== YOUR TASK ==
Set the entries down once more, exactly as they are worded.

== RECORDED DATA ==

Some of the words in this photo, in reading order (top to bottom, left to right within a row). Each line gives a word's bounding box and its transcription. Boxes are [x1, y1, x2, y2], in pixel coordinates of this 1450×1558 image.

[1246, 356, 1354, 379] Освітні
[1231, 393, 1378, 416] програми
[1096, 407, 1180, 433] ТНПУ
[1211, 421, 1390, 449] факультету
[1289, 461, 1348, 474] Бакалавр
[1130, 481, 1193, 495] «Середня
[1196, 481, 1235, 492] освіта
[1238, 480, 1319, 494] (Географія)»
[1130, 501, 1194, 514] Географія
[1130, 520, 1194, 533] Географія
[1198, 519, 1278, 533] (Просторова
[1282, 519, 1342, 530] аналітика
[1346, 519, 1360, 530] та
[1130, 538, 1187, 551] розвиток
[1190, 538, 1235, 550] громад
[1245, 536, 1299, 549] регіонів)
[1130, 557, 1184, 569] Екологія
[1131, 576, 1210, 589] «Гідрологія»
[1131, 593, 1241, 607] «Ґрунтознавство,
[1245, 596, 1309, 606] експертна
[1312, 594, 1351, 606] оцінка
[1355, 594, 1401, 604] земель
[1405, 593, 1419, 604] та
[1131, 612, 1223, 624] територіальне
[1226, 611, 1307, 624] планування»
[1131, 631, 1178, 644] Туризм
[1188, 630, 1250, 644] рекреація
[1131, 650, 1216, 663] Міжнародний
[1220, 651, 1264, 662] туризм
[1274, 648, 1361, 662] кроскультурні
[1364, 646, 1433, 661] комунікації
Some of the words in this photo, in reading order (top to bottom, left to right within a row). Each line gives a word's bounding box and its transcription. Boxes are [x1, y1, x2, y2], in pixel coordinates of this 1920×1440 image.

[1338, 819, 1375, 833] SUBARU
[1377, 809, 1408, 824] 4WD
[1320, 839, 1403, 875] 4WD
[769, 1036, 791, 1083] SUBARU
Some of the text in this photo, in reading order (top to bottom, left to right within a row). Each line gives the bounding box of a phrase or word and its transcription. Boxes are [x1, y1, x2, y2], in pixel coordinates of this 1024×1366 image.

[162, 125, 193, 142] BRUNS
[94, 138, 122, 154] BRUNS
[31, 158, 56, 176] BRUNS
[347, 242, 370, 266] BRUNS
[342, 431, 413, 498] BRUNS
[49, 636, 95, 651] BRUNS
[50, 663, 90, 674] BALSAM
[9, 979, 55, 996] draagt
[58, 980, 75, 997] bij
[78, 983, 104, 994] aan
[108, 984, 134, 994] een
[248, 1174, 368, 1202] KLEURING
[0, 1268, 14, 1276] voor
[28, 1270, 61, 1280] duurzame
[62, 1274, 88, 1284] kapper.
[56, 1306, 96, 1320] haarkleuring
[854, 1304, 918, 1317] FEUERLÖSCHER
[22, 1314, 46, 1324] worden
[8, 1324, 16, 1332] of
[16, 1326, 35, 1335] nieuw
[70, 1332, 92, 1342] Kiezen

== SOLUTION TO THE PROBLEM ==
Some of the words in this photo, in reading order (top to bottom, left to right within a row). Each line gives a word's bounding box and its transcription. Boxes are [x1, y1, x2, y2], in pixel coordinates of this 1450×1558 image.

[1246, 356, 1354, 379] Освітні
[1231, 393, 1378, 416] програми
[1096, 407, 1180, 433] ТНПУ
[1211, 421, 1390, 449] факультету
[1289, 461, 1348, 474] Бакалавр
[1130, 481, 1193, 495] «Середня
[1196, 481, 1235, 492] освіта
[1238, 480, 1319, 494] (Географія)»
[1130, 501, 1194, 514] Географія
[1130, 520, 1194, 533] Географія
[1198, 519, 1278, 533] (Просторова
[1282, 519, 1342, 530] аналітика
[1346, 519, 1360, 530] та
[1130, 538, 1187, 551] розвиток
[1190, 538, 1235, 550] громад
[1245, 536, 1299, 549] регіонів)
[1130, 557, 1184, 569] Екологія
[1131, 576, 1210, 589] «Гідрологія»
[1131, 593, 1241, 607] «Ґрунтознавство,
[1245, 596, 1309, 606] експертна
[1312, 594, 1351, 606] оцінка
[1355, 594, 1401, 604] земель
[1405, 593, 1419, 604] та
[1131, 612, 1223, 624] територіальне
[1226, 611, 1307, 624] планування»
[1131, 631, 1178, 644] Туризм
[1188, 630, 1250, 644] рекреація
[1131, 650, 1216, 663] Міжнародний
[1220, 651, 1264, 662] туризм
[1274, 648, 1361, 662] кроскультурні
[1364, 646, 1433, 661] комунікації
Some of the words in this photo, in reading order (top to bottom, left to right within a row). Each line gives a word's bounding box and its transcription. Boxes are [x1, y1, x2, y2], in pixel coordinates of this 1920×1440 image.

[1338, 819, 1375, 833] SUBARU
[1377, 809, 1408, 824] 4WD
[1320, 839, 1403, 875] 4WD
[769, 1036, 791, 1083] SUBARU
Some of the text in this photo, in reading order (top to bottom, left to right within a row). Each line gives the bounding box of a phrase or word and its transcription. Boxes are [x1, y1, x2, y2], in pixel coordinates of this 1024×1366 image.

[162, 125, 193, 142] BRUNS
[94, 138, 122, 154] BRUNS
[31, 158, 56, 176] BRUNS
[347, 242, 370, 266] BRUNS
[342, 431, 413, 498] BRUNS
[49, 636, 95, 651] BRUNS
[50, 663, 90, 674] BALSAM
[9, 979, 55, 996] draagt
[58, 980, 75, 997] bij
[78, 983, 104, 994] aan
[108, 984, 134, 994] een
[248, 1174, 368, 1202] KLEURING
[0, 1268, 14, 1276] voor
[28, 1270, 61, 1280] duurzame
[62, 1274, 88, 1284] kapper.
[56, 1306, 96, 1320] haarkleuring
[854, 1304, 918, 1317] FEUERLÖSCHER
[22, 1314, 46, 1324] worden
[8, 1324, 16, 1332] of
[16, 1326, 35, 1335] nieuw
[70, 1332, 92, 1342] Kiezen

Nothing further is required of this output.